Images for object localization:

+--

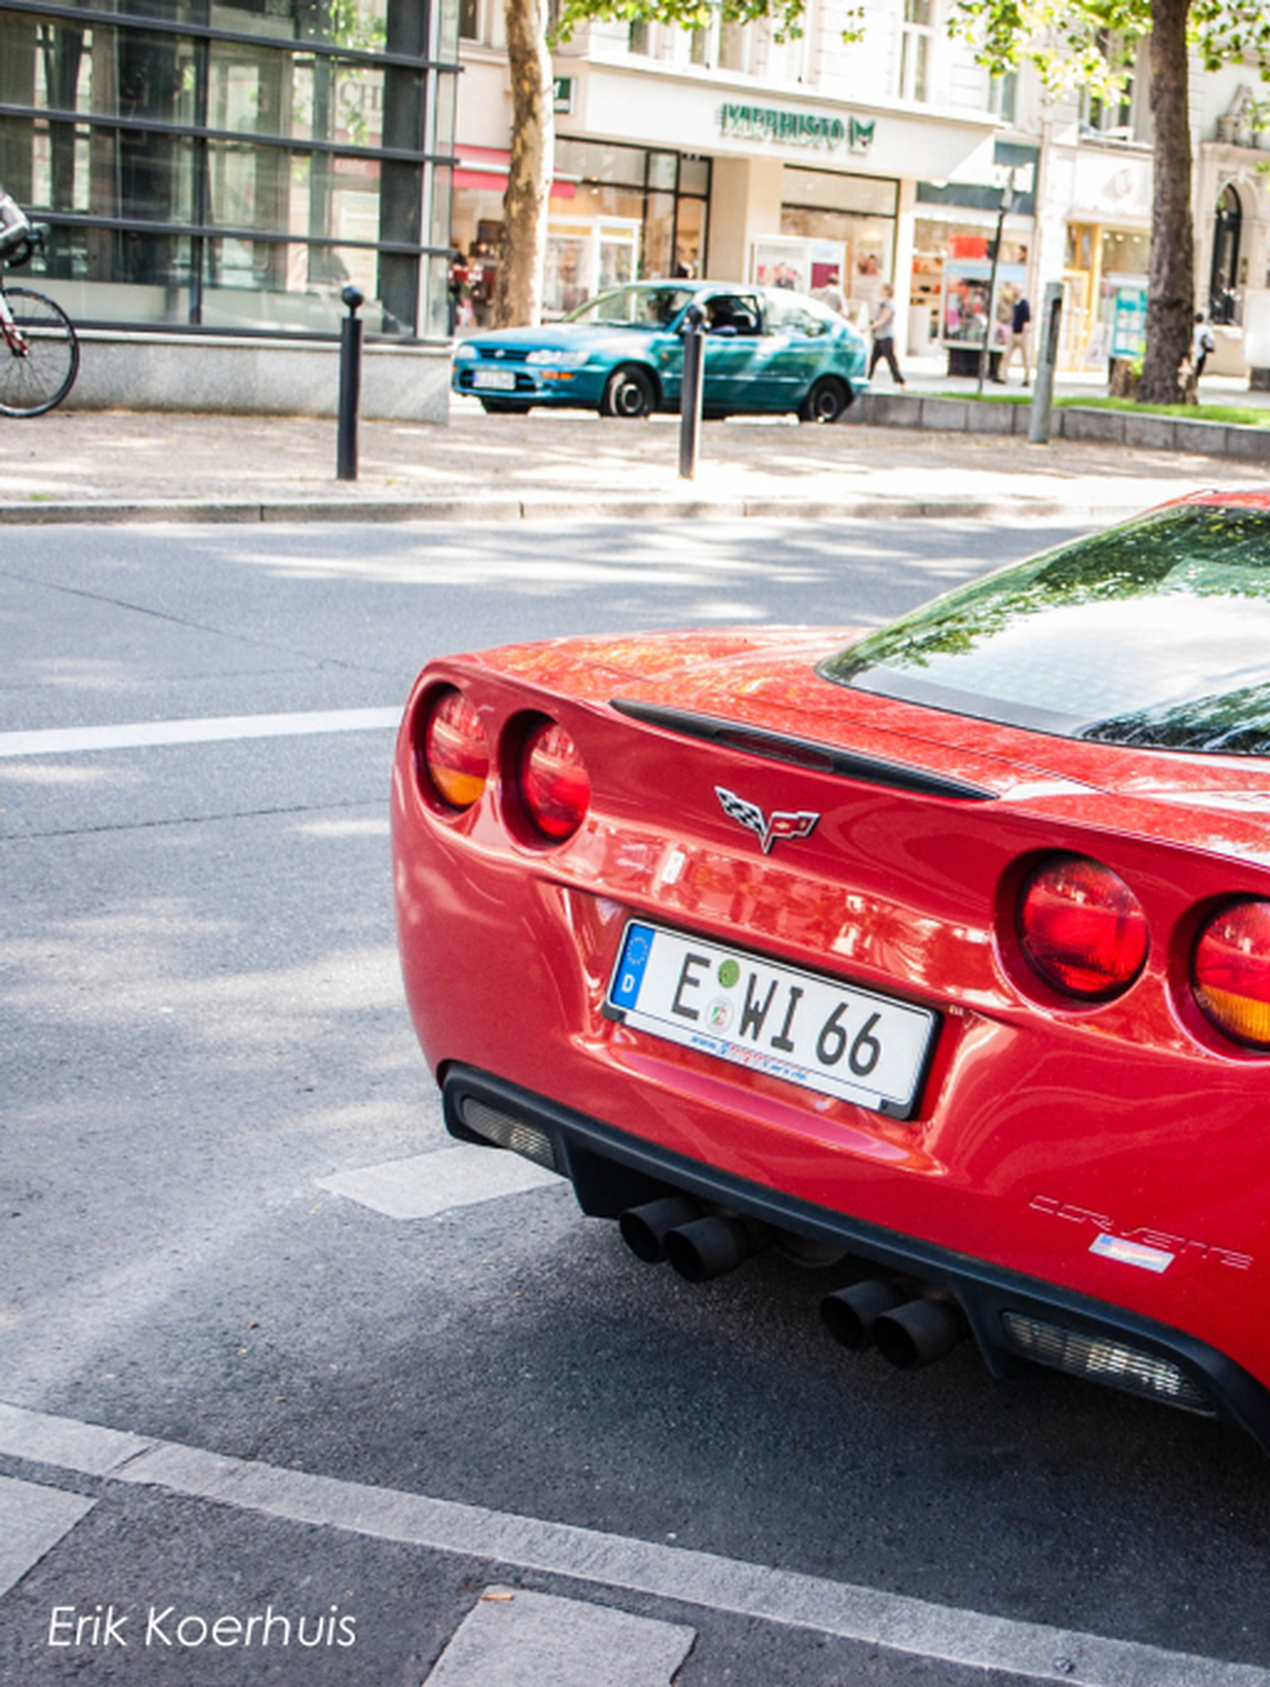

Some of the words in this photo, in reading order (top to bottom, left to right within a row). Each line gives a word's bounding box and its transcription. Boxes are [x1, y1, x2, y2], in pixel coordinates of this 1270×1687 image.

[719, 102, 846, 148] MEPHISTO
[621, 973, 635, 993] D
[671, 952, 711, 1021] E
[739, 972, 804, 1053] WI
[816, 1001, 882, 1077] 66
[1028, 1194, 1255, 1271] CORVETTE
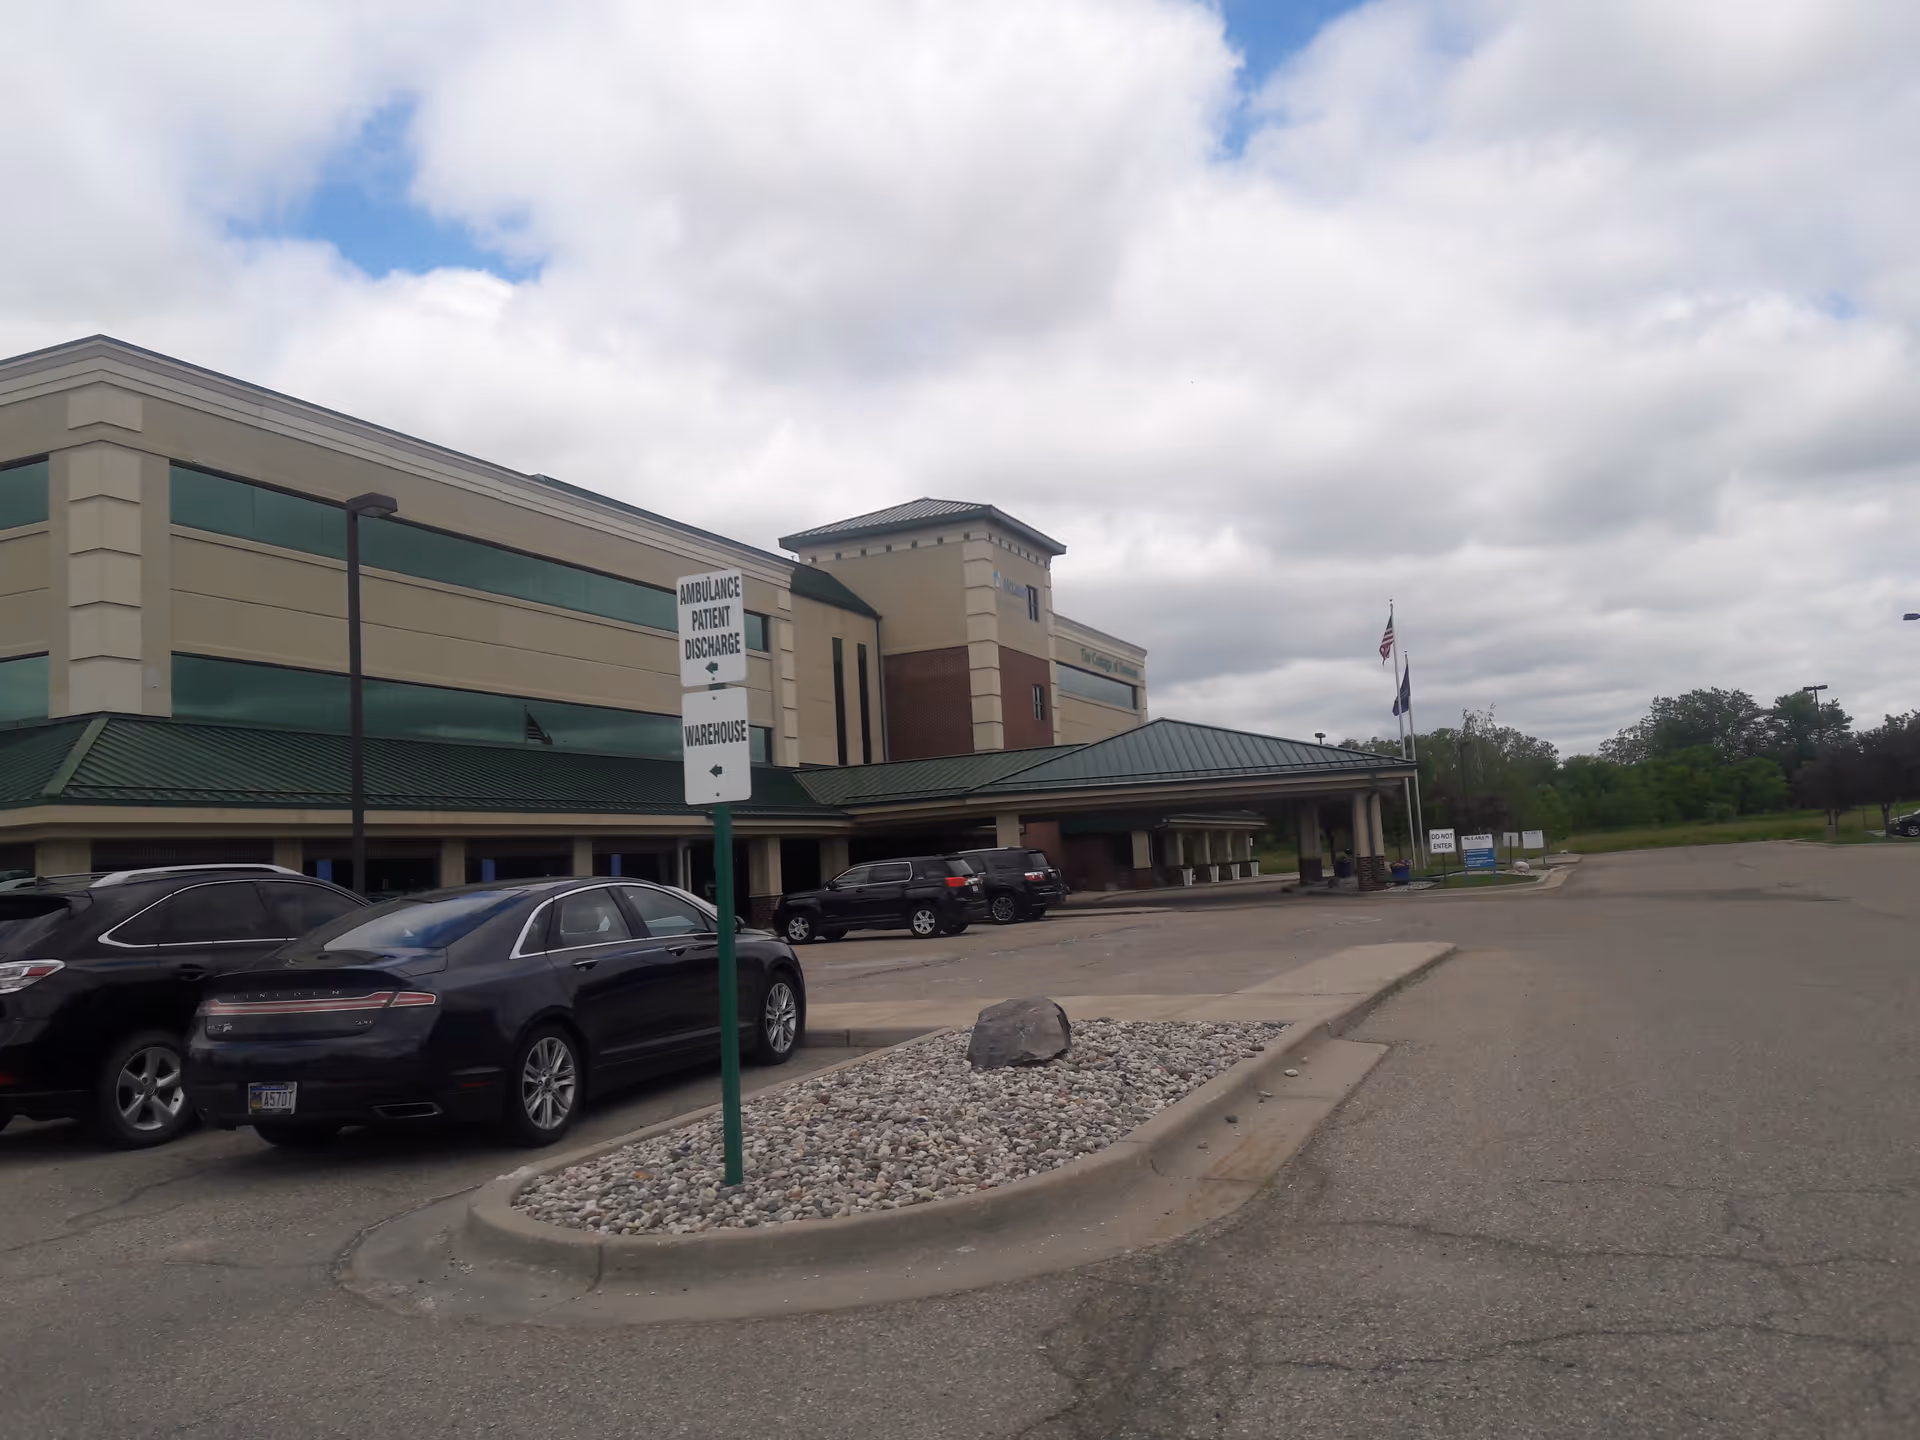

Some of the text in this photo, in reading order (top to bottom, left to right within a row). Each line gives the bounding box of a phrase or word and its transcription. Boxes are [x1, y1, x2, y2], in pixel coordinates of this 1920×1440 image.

+--

Would it be possible to print the records above verbatim, pictures omitted?

Some of the words in this photo, in reading order (top to bottom, left to right within a row). Each line gives a word's bounding box and its transcription. Boxes are [x1, y1, x2, y2], in pixel coordinates of this 1270×1687 image.

[719, 102, 846, 148] MEPHISTO
[621, 973, 635, 993] D
[671, 952, 711, 1021] E
[739, 972, 804, 1053] WI
[816, 1001, 882, 1077] 66
[1028, 1194, 1255, 1271] CORVETTE

Some of the text in this photo, in reading order (top to bottom, left to right within a row). Each line gives the bounding box of a phrase or word and its transcription. Boxes are [x1, y1, x2, y2], in pixel coordinates of this 1920×1440 image.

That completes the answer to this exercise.